Niewielu współczesnych artystów techno dysponuje tak olbrzymim parkietowym potencjałem jak Dax J. Urodzony w Londynie DJ i producent podbija kolejne kluby swoimi potężnym selektorskim arsenałem, dzięki któremu zyskał popularność na całym świecie. Zaangażowany w każdej sekundzie swojego grania, nawet podczas maratońskich closingów w Berghain, wraca do Polski, aby podbić wrocławskie Ciało. Szykuje się impreza podwyższonego ryzyka.
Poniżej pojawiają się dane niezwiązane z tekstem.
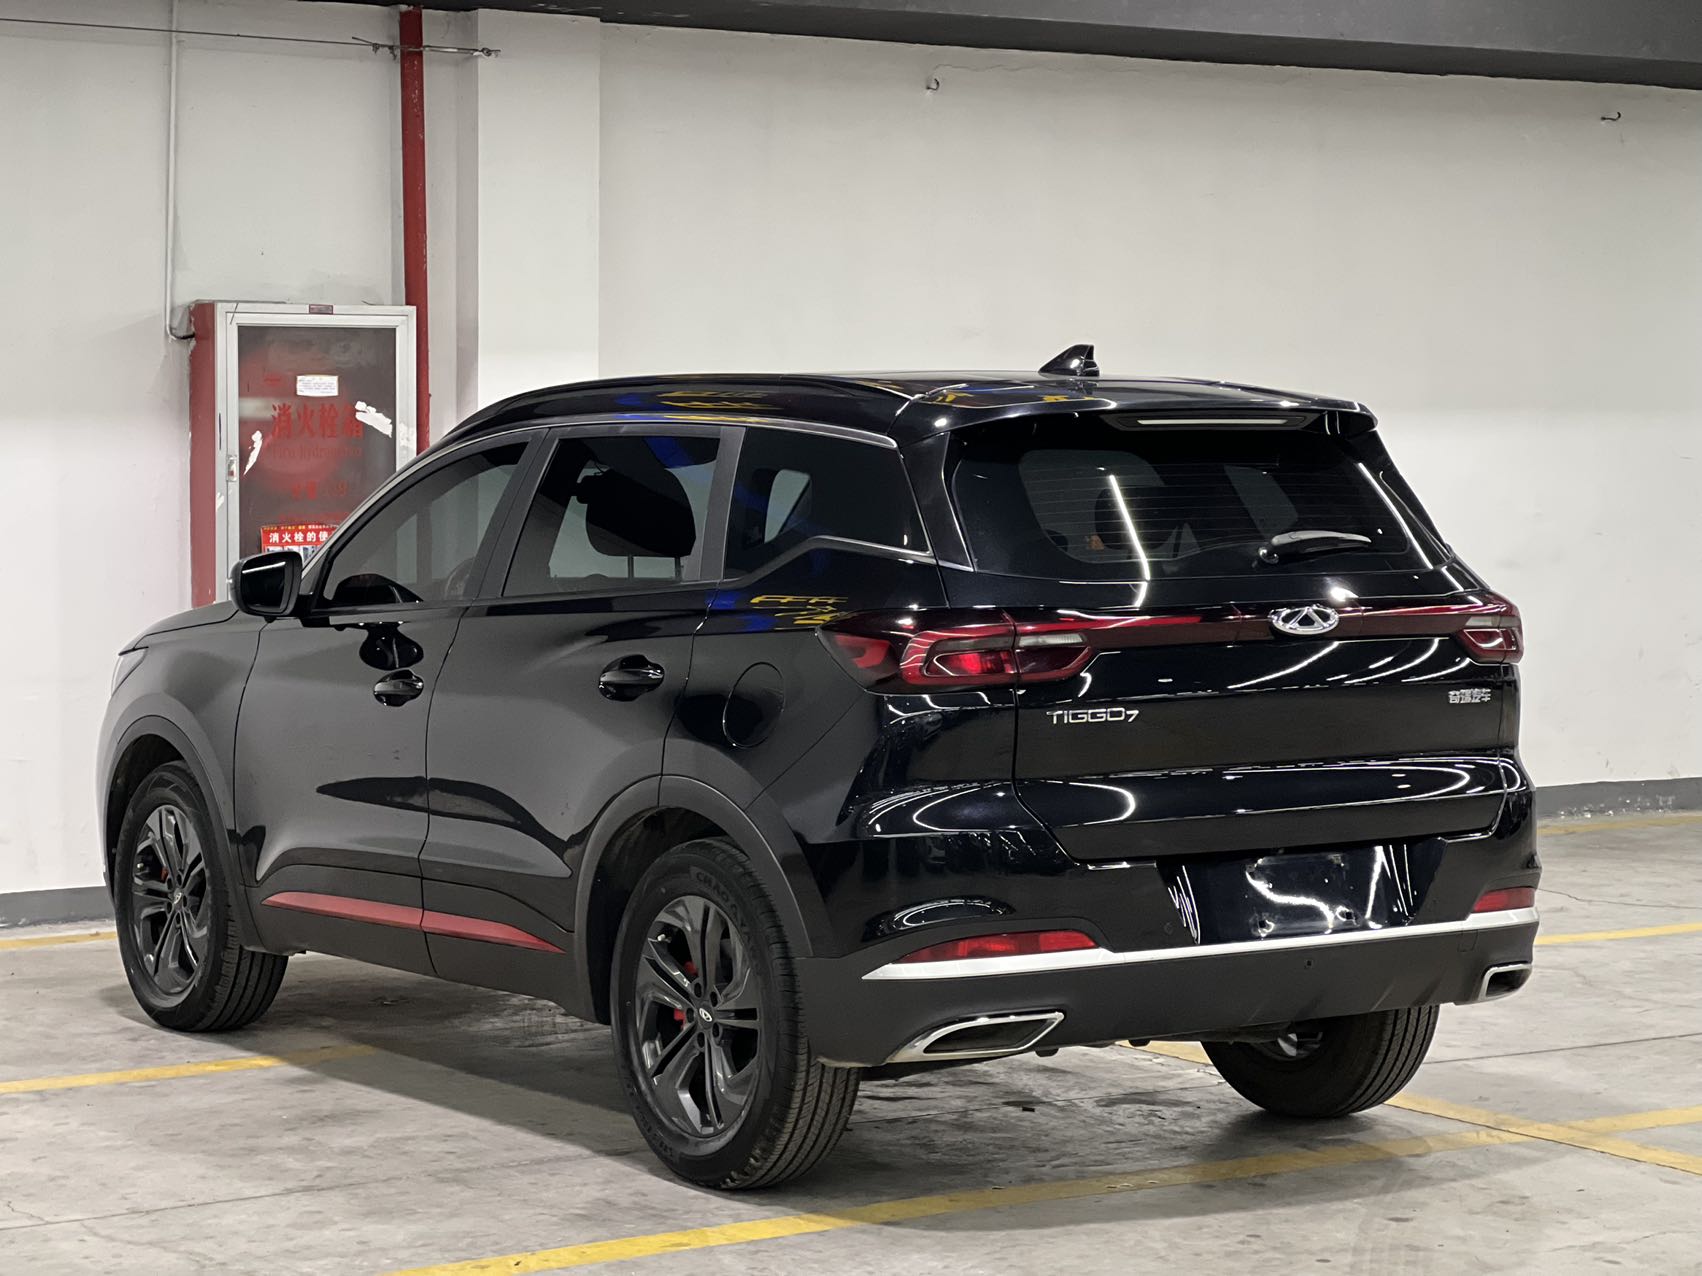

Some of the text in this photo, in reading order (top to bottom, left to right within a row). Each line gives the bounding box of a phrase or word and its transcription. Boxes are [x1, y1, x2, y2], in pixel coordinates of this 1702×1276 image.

[269, 531, 335, 543] 消火栓的使
Dax J – twarz bezkompromisowego techno

Dax J należy do artystów, którzy zostali twarzą własnej gatunkowej spuścizny. Kariera brytyjskiego DJ-a i producenta przeszła przez pirackie radio, w które był mocno zaangażowany, aż do okładek najbardziej liczących się branżowych magazynów. Od imprez w piwnicach dla kilku osób po headlinerskie występy na najbardziej znaczących parkietach świata. Za każdym razem pozostaje wierny swojemu indywidualnemu stylowi. Umiejętności techniczne, wyjątkowa selekcja i dbałość o wysokiej klasy produkcję dźwięków umieściły go w czołówce sceny. Wszystkie podejmowane aktywności przez Daxa ugruntowały jego wyjątkową obecność w nowoczesnej muzyce tanecznej.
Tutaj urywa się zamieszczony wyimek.